Way back in the 1960-80 decades there was frequent lament about India’s “brain drain” when graduates of the country’s heavily subsidised government-owned IITs, IIMs, IISc and AIIMS who paid a pittance for high quality education, were gladly snapped up by Western universities, corporates, and public health services. But that lament was obfuscated by self-serving establishment economists advancing the argument that the brain drain is compensated by crumbs sent back by emigres as “remittances” to starving relatives back home. It was also ingeniously advanced that eventually the brain drain would transform into brain gain when emigrants returned to India.

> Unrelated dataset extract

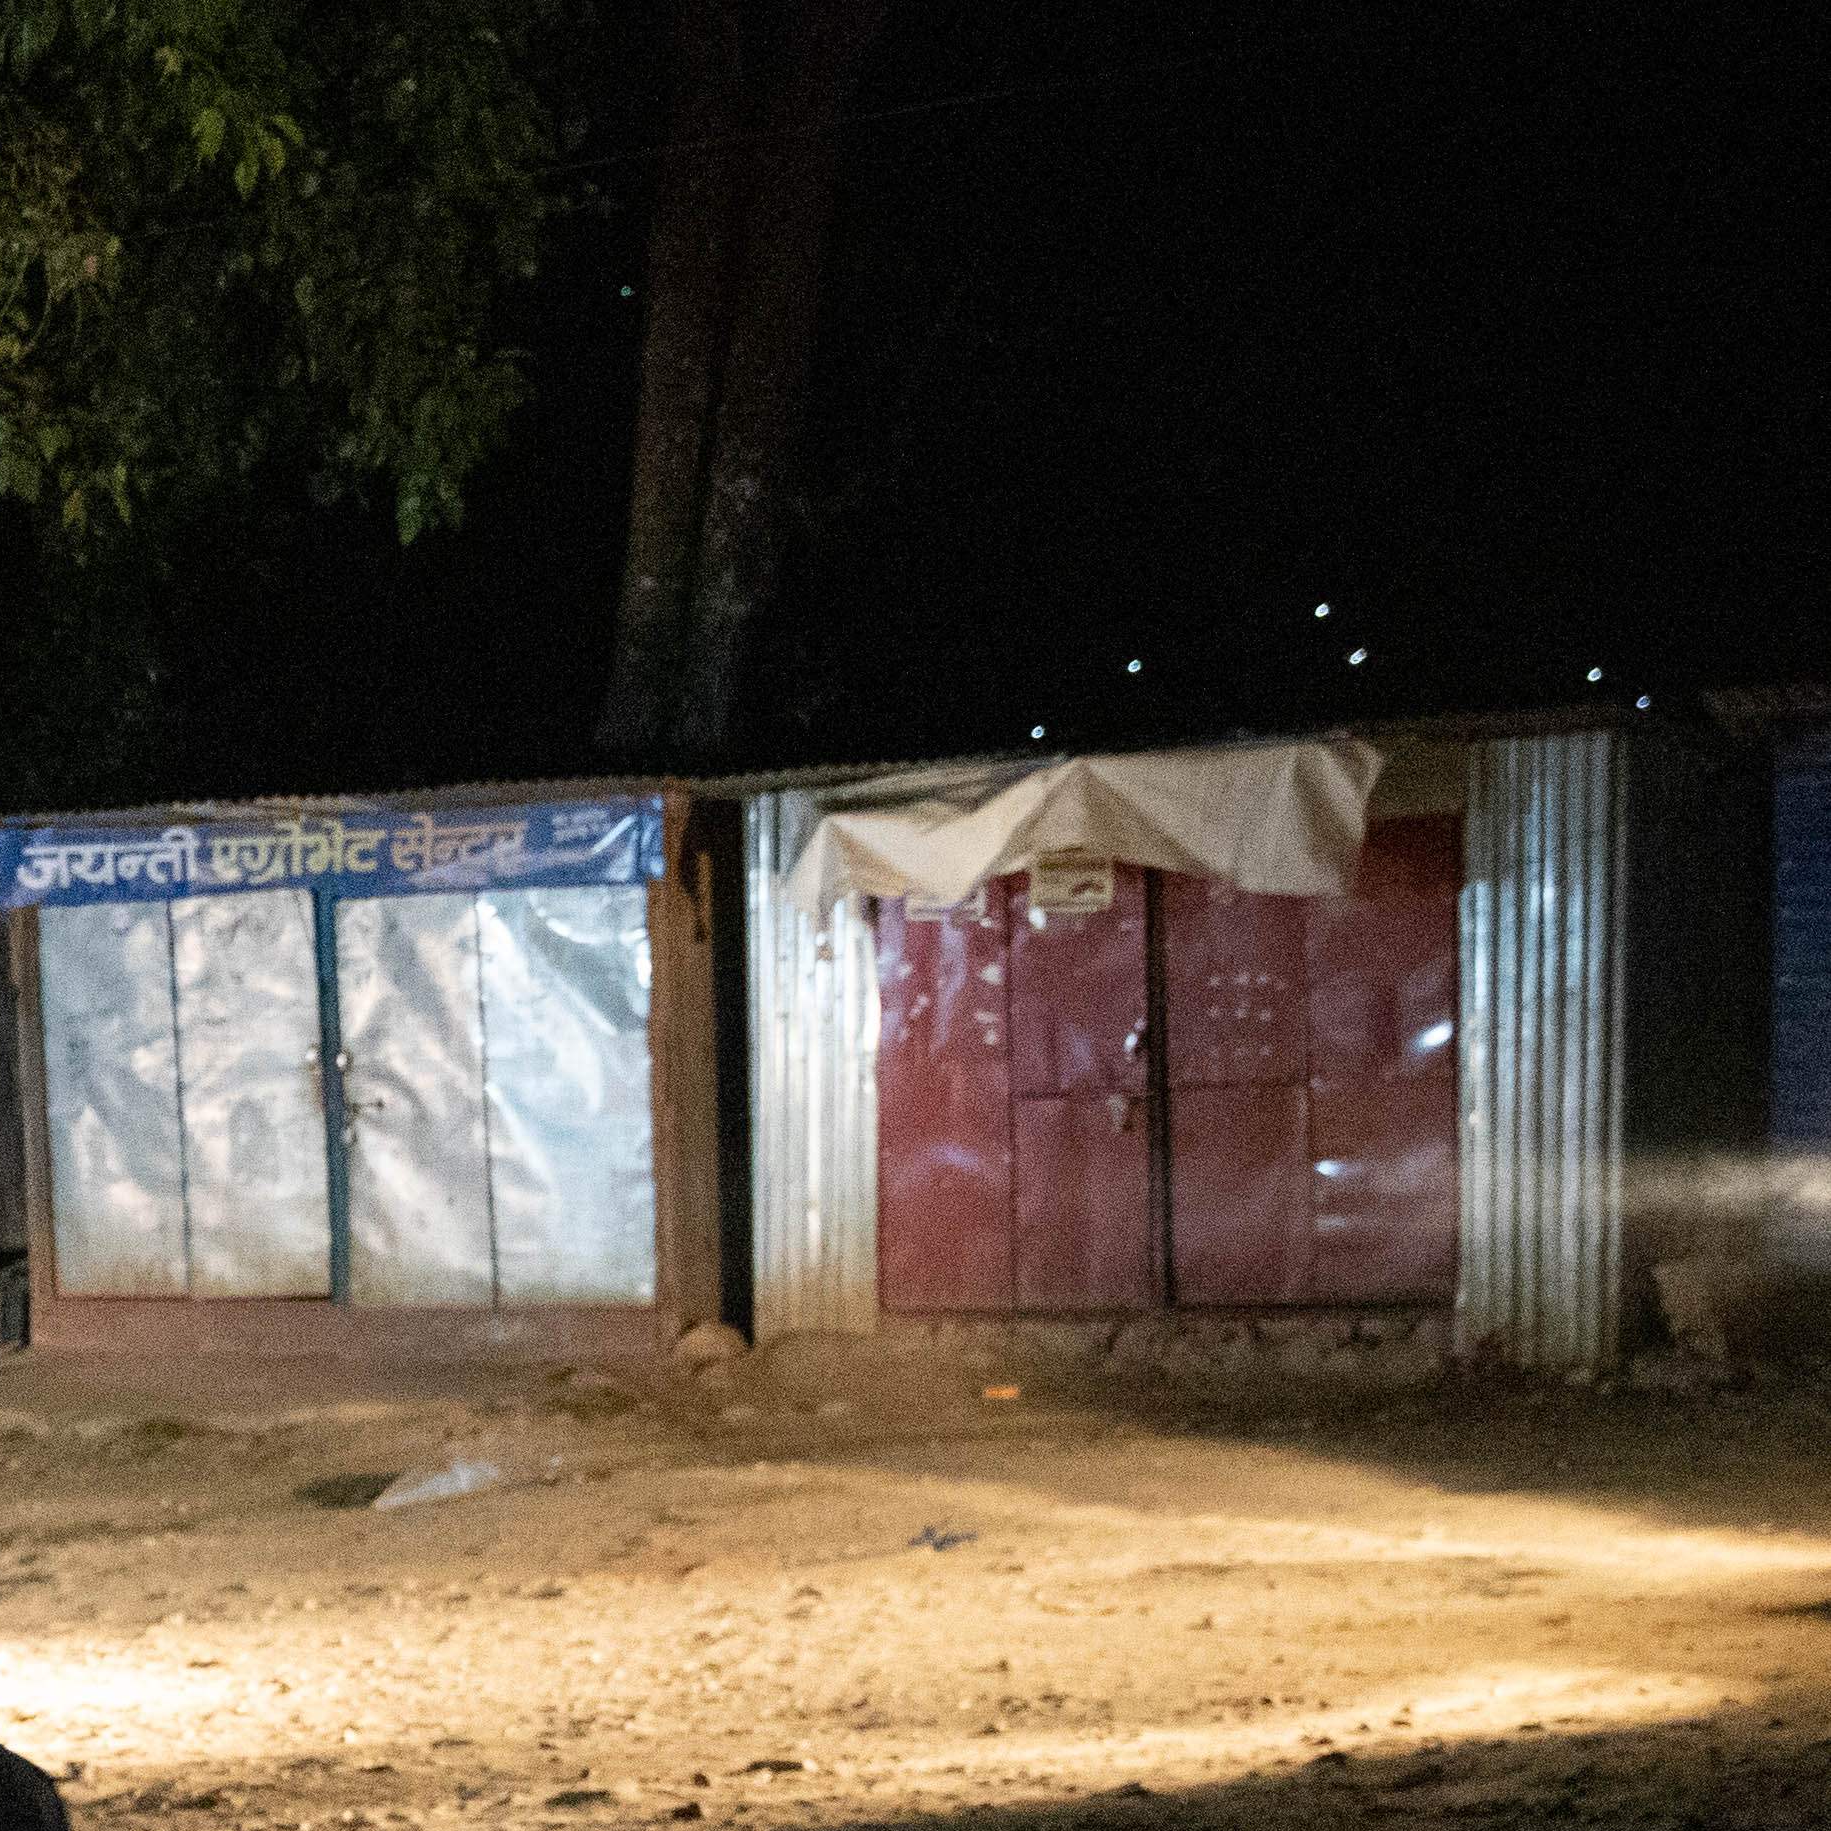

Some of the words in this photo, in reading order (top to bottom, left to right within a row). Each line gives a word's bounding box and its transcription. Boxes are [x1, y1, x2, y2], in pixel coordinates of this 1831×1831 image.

Meanwhile in neigbouring China, a Thousand Talents Plan (TTP) was introduced in 2008 to reverse the brain-drain of Chinese scientists overseas, and to attract high-level foreign professionals. In 2010, TTP was absorbed into a larger National Talent Development Plan comprising over 200 talent-recruitment programmes. Evidently, this policy/programme has paid off. Currently, China whose GDP of $300 billion (ppp) was on a par with India’s in 1978, has transformed into the world’s leading research innovations hub clocking an annual GDP of $20 trillion (cf. India’s $4.5 trillion), and a global tech and financial super-power.
Despite this live example next door, the Indian establishment’s response to the continuous flight of capital and talent from India remains insouciant. According to a lead editorial in The Times of India (25/11) “migration of the superrich is as natural as that of skilled people” and nothing to worry about. Moreover, it says that “the increasing mobility of people must be celebrated”. The cavalier editorial is silent about the iniquity of an amoral middle class whose education is still subsidised by a desperately poor citizenry, upping and outing to readily serve in Western economies and our erstwhile imperial masters. Pathetic.